En noche desbordante en plenitud.

Con los silencios simples.

La magia de ir juntos.

De estar, porque sí.

Estar, sólo estar.

Porque el amor nos cifra con sus ritos,

Con sus pequeños intersticios que son refugio.

Mientras afuera, hiere la intemperie.

La escena era un lugar tranquilo, cualquiera,

Con leños y calor,

Con luz apenas necesaria para contemplar tú maravilla.

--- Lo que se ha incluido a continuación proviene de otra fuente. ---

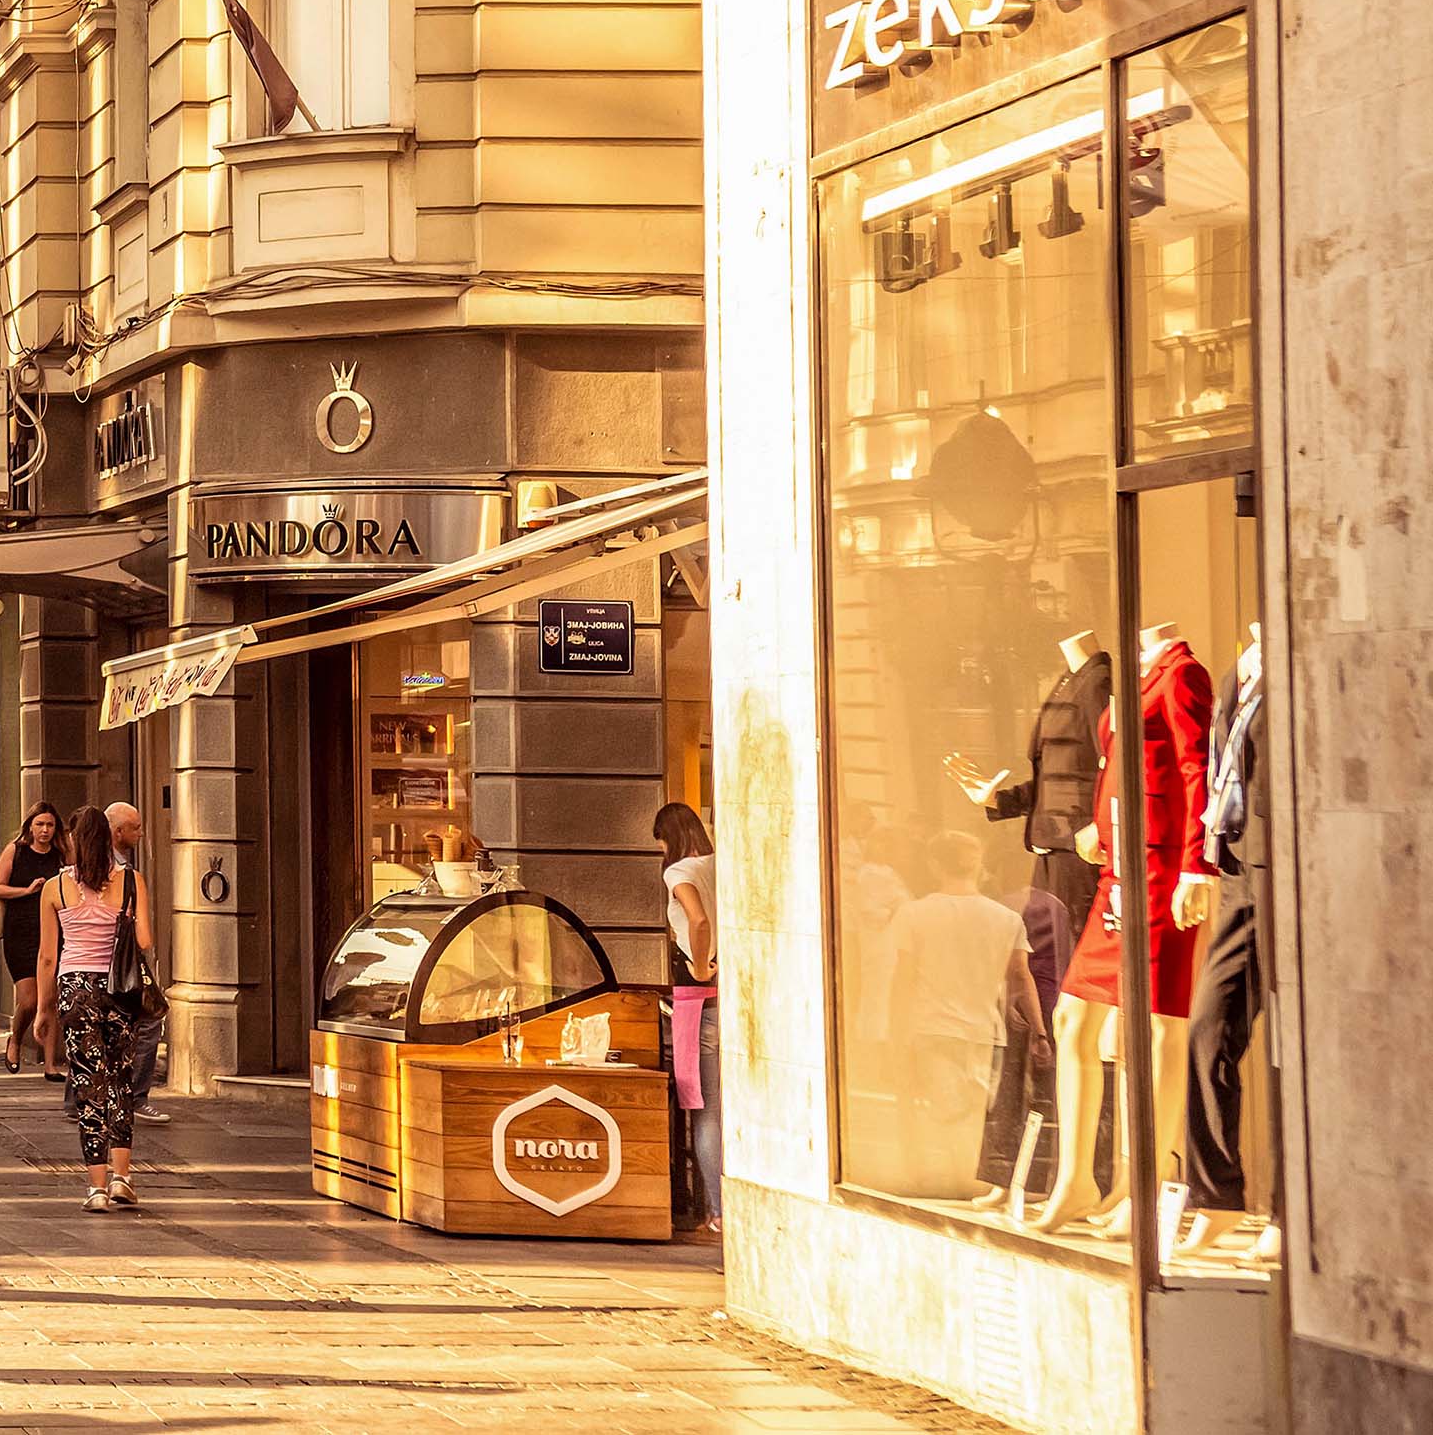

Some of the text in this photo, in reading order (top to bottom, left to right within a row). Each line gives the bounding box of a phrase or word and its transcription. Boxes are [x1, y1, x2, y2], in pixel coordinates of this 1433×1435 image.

Ese deslizarse suave por los entresijos de tu belleza.

Por los pliegues de tu alma.

La escena éramos nosotros,

Con las canciones de siempre.

Con la magia de ir acompañándonos.

La escena eran nuestras miradas.

Las miradas encendidas, las manos entrelazadas.

Y así, me imaginaba paseando de tu mano,

Como eternos novios adolescentes,

Y los infaltables besos a la luz de la luna,

Y el chocolate marca “te quiero mucho; me gustás mucho, sabés; me gustás vos,”

Y los infinitos mares de ternura.

Y ese fondo de angustia por no acertar a ser un Dios.

Y poder entonces parar el tiempo

Para quedarnos así, acá adentro,

del lado seguro;

Resguardados del afuera,

Donde la intemperie del invierno crudo

Y la más feroz del tiempo,

Nos arrebatará, inexorable,

Sin piedad de nuestros corazones maravillados.

La escena era esa escena,

Los sueños, esos sueños.

Pero, sólo fueron eso: vanos simulacros de fantasmas hechos de espuma.

Porque afuera reina la intemperie cierta del invierno crudo.

Y no llegaste.

Y, mientras te esperaba, escribí estos versos tristes,

En ese invierno seco que me golpea el alma,

Anhelante eterna de ráfagas de sol.

Ese, tú sol.

El que no pudo ser.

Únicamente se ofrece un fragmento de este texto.